Erik M. Conway et Naomi Oreskes se livrent à un essai de prospective. Dans L’effondrement de la civilisation occidentale (LLL Les liens qui libèrent, 128 p., 13,9€), un historien de 2093 tente de répondre à la question suivante : pourquoi sommes-nous restés inactifs, alors que nous disposions d’informations scientifiques robustes sur le changement climatique et que nous savions quels terribles événements allaient suivre.
Nous sommes en 2093, avènement de l’ « Age de la Pénombre », et deux historiens futurs se retournent sur leur passé – qui est notre présent et notre avenir probable. Tout avait pourtant bien commencé avec la création du GIEC en 1988. Mais rapidement le « déni » se répand en faisant valoir l’incertitude des données scientifiques. Les effets du changement climatique s’intensifient, et en 2023, l’année de l’«été perpétuel », il y a 500 000 morts et 500 milliards de dollars de perte.
Puis la loi dite de « négation de la hausse du niveau de la mer » est adoptée par certains états. Mais rien n’y fait. La nature se déchaîne sans que les mesures nécessaires ne soient prises. Pendant l’été 2041, des vagues de chaleur sans précédent détruisent les récoltes. Panique, émeutes, migration de masse, hausse explosive des populations d’insectes, épidémies. L’ordre social s’effondre dans les années 2050 et les gouvernants, acquis à l’idéologie néolibérale, se retrouvent désarmés devant la nécessité d’une intervention massive de l’état…
Les pays ratifient alors la convention des Nations unifiées sur la géo-ingénierie et la protection du climat et préparèrent les plans du projet international de géo-ingénierie pour refroidir le climat. L’injection d’aérosols débute en 2052 et s’achève brutalement en 2063 en raison d’un effet secondaire qui avait pourtant été prévu : la Mousson indienne a disparu. La température regagne rapidement les 0,4°C perdus par l’injection d’aérosols, mais s’accompagne d’un effet rebond de 0,6°C, propulsant la hausse de la température mondiale à près de 5°C.
Vers 2090, une généticienne japonaise développe un lichen qui absorbe le CO2 atmosphérique. Vingt ans plus tard, il recouvre toute la planète. Le monde peut alors se reconstruire, mais les populations humaines australiennes et africaines ont disparu. La hausse du niveau des mers a fait disparaître de nombreuses terres. Notre civilisation occidentale s’est effondrée.
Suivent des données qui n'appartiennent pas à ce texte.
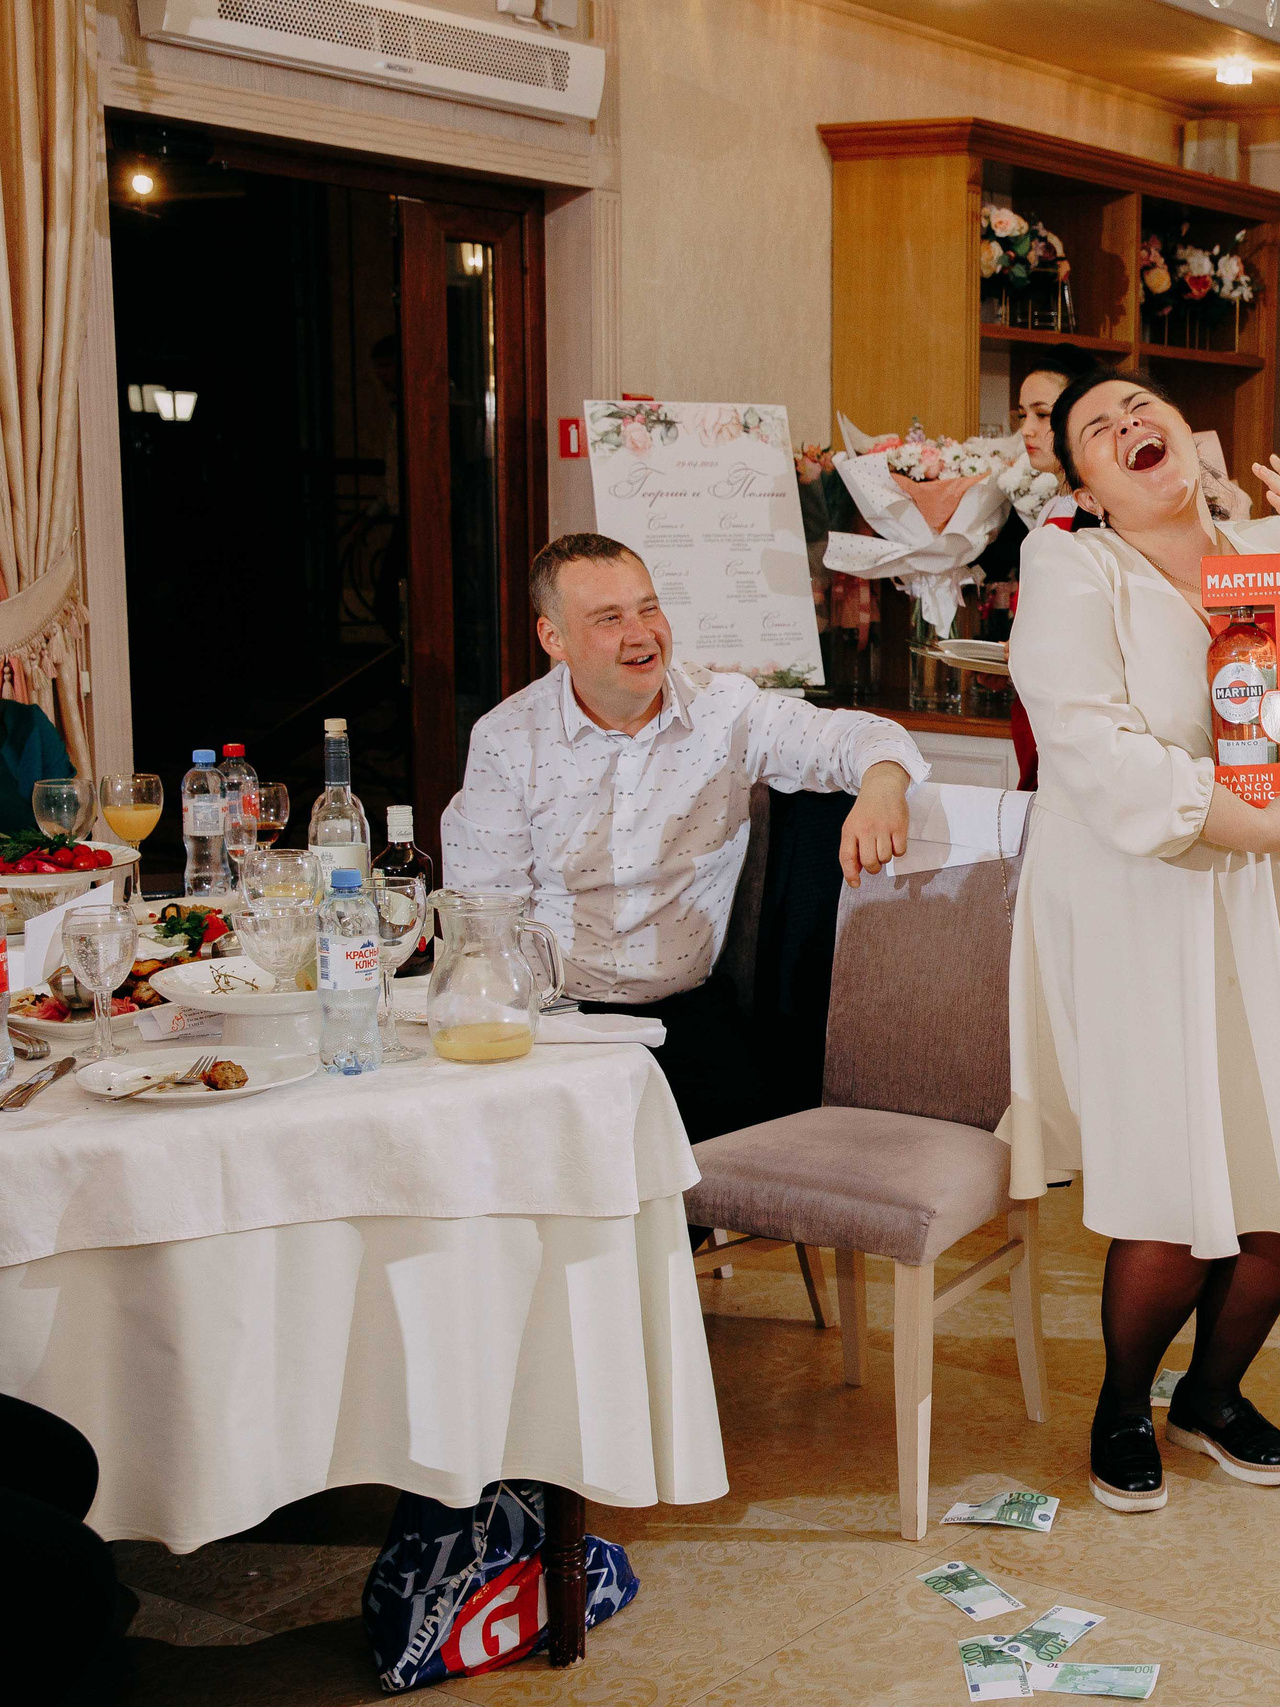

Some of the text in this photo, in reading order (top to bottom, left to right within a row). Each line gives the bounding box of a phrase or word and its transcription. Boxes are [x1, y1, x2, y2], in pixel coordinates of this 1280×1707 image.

[1207, 572, 1280, 589] MARTINI
[1217, 686, 1262, 699] MARTINI
[1220, 773, 1274, 783] MARTINI
[1230, 782, 1272, 792] IANCO
[1236, 791, 1275, 801] TONIC
[1013, 1493, 1049, 1505] 100
[925, 1576, 948, 1594] 100
[380, 1597, 450, 1693] ЛУЧШАЯ
[1036, 1639, 1068, 1661] 100
[961, 1643, 983, 1665] 100
[1134, 1665, 1154, 1674] 100
Un essai d’anticipation performant
En imaginant la situation vers laquelle l’humanité s’oriente si les pays ne parviennent pas à lutter contre le réchauffement climatique, les auteurs démontrent pourquoi notre civilisation demeure inactive. Deux idéologies dominent : le positivisme et le fondamentalisme de marché. Quand les effets du Grand Effondrement se sont fait sentir, les démocraties n’ont d’abord pas voulu, puis pas pu faire face à la crise. Ils se sont ensuite retrouvés sans l’infrastructure et la capacité organisationnelle pour lutter.
Facile à lire, cet essai se veut un plaidoyer pour éviter à l’humanité ce que les auteurs nomment l’ « Âge de la pénombre » et les catastrophes liées au « Grand effondrement ».